(Image-backed grounding data)
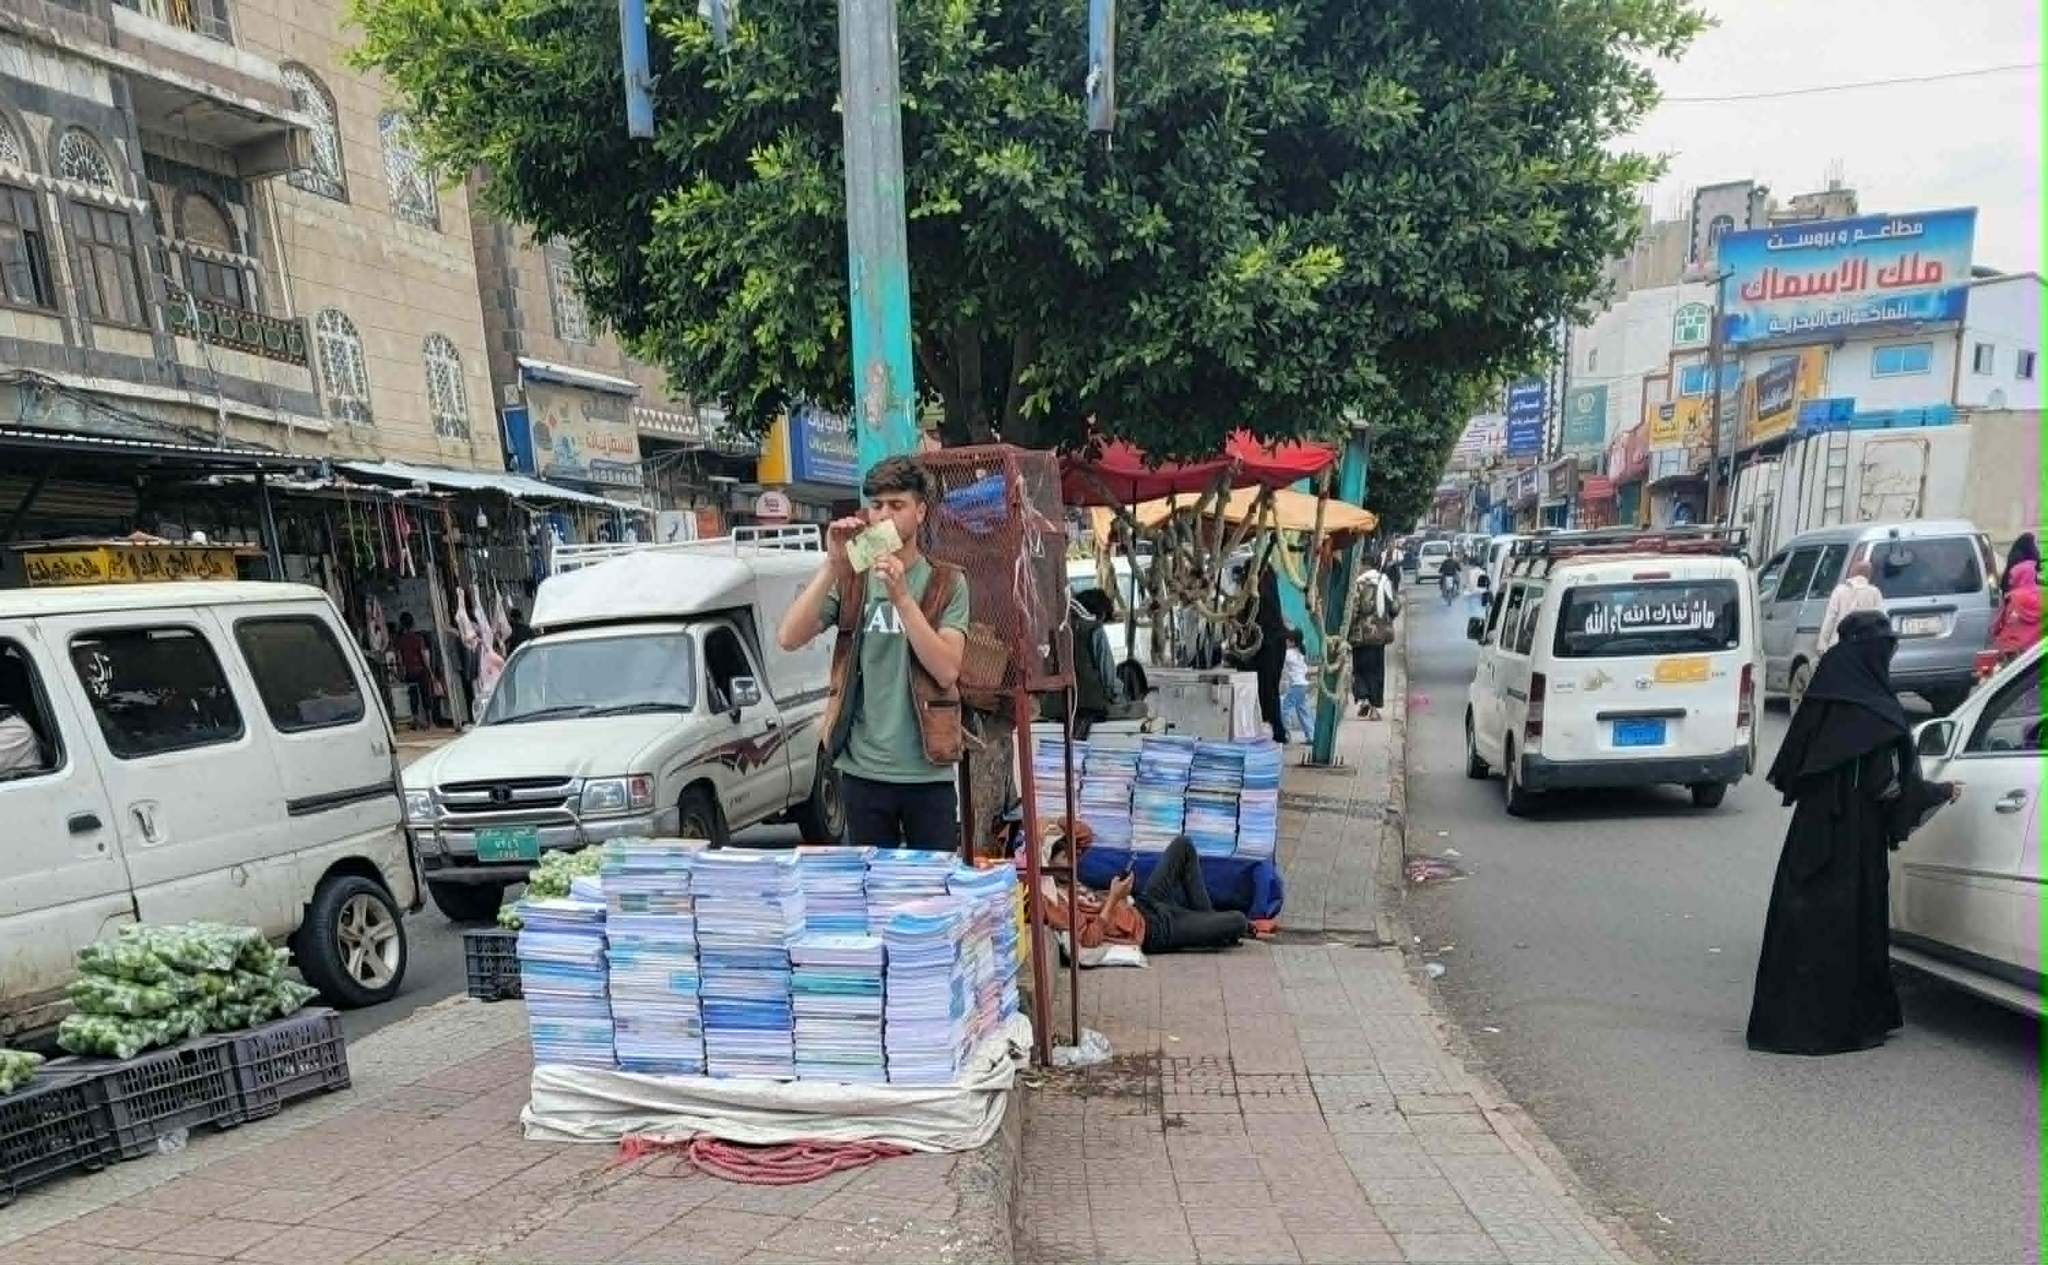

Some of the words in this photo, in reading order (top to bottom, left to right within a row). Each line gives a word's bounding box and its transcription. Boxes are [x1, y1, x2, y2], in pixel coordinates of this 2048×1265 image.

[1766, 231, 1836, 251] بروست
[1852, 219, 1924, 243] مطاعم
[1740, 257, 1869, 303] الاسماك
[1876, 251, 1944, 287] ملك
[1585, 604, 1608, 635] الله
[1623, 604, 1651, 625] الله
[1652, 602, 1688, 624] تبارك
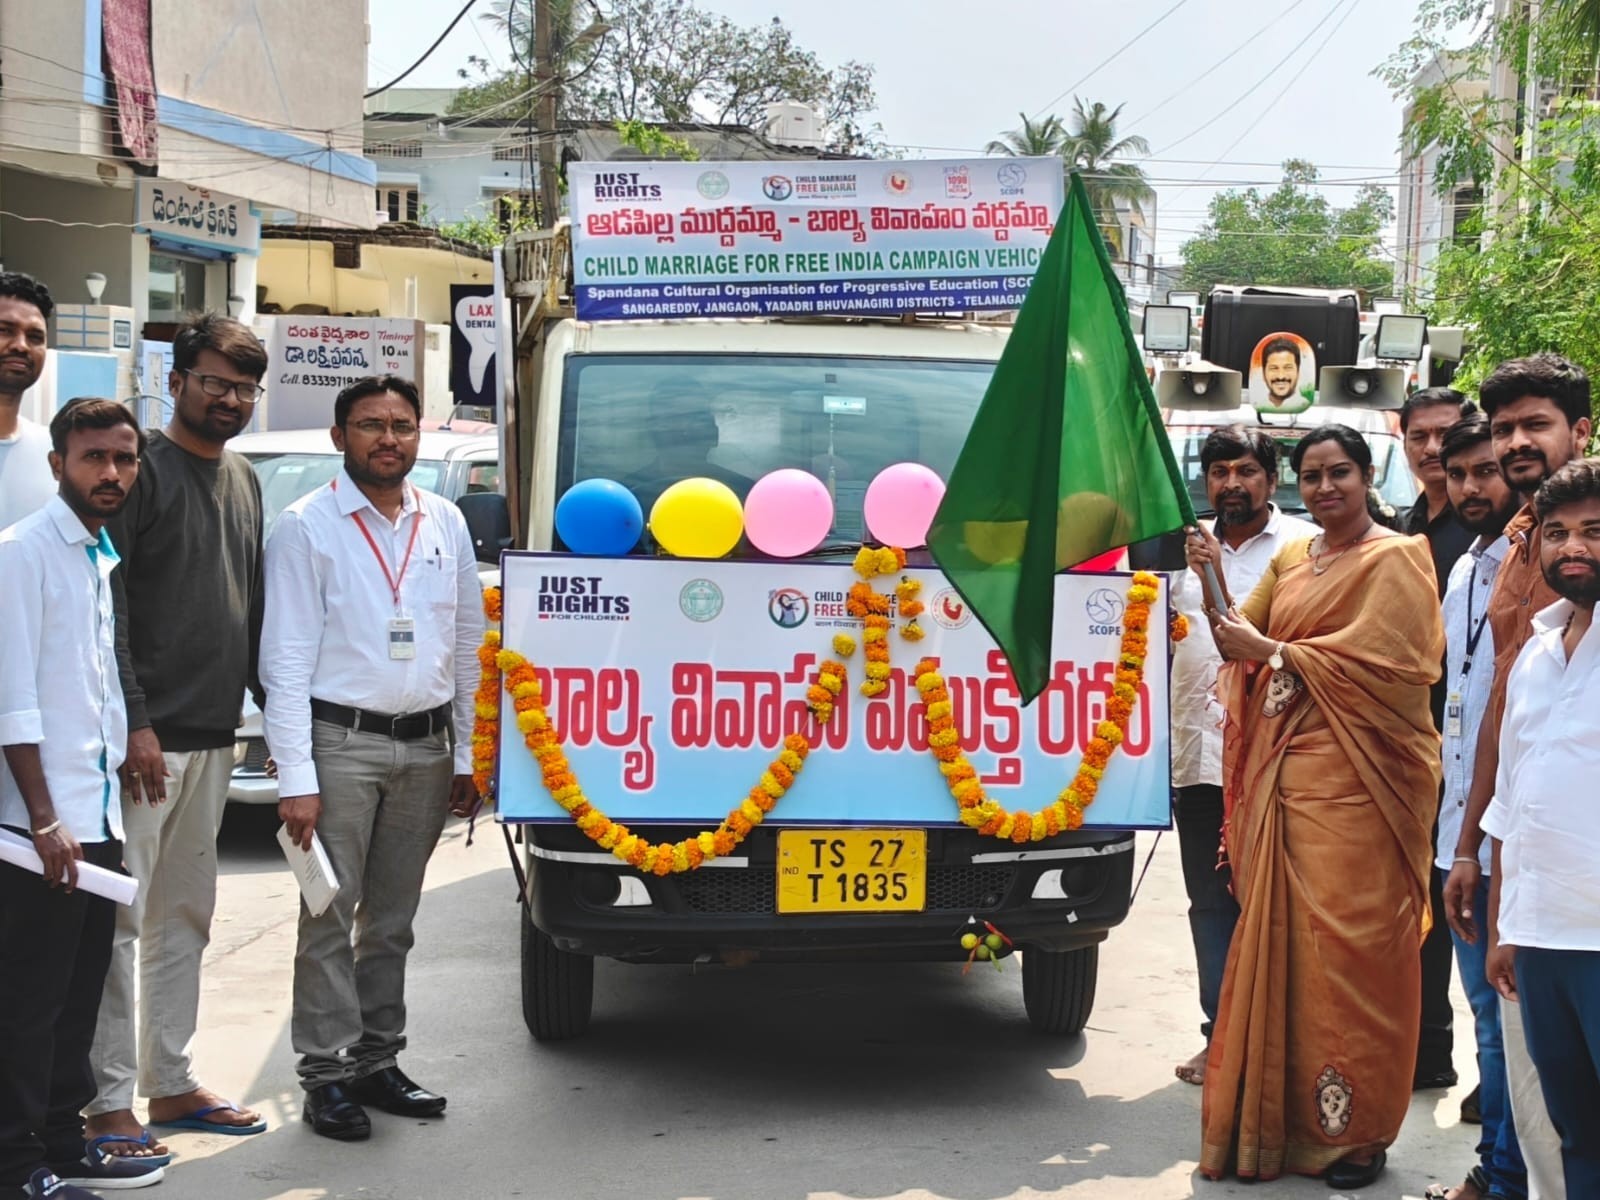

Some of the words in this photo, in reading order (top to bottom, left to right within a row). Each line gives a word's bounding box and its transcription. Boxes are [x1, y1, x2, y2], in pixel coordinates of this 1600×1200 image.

#### About this exercise:
Your answer should reproduce every line of the data verbatim and include no images.

#### Solution to this task:
Some of the words in this photo, in reading order (top to bottom, left to right within a row). Each line gives a word's bounding box and its transcription. Boxes are [x1, y1, x2, y2], in pixel coordinates of this 2048×1265 image.

[1766, 231, 1836, 251] بروست
[1852, 219, 1924, 243] مطاعم
[1740, 257, 1869, 303] الاسماك
[1876, 251, 1944, 287] ملك
[1585, 604, 1608, 635] الله
[1623, 604, 1651, 625] الله
[1652, 602, 1688, 624] تبارك

Some of the words in this photo, in reading order (top to bottom, left to right within a row). Each line gives a word's bounding box and its transcription. Boxes are [x1, y1, x2, y2], in pixel coordinates of this 1600×1200 image.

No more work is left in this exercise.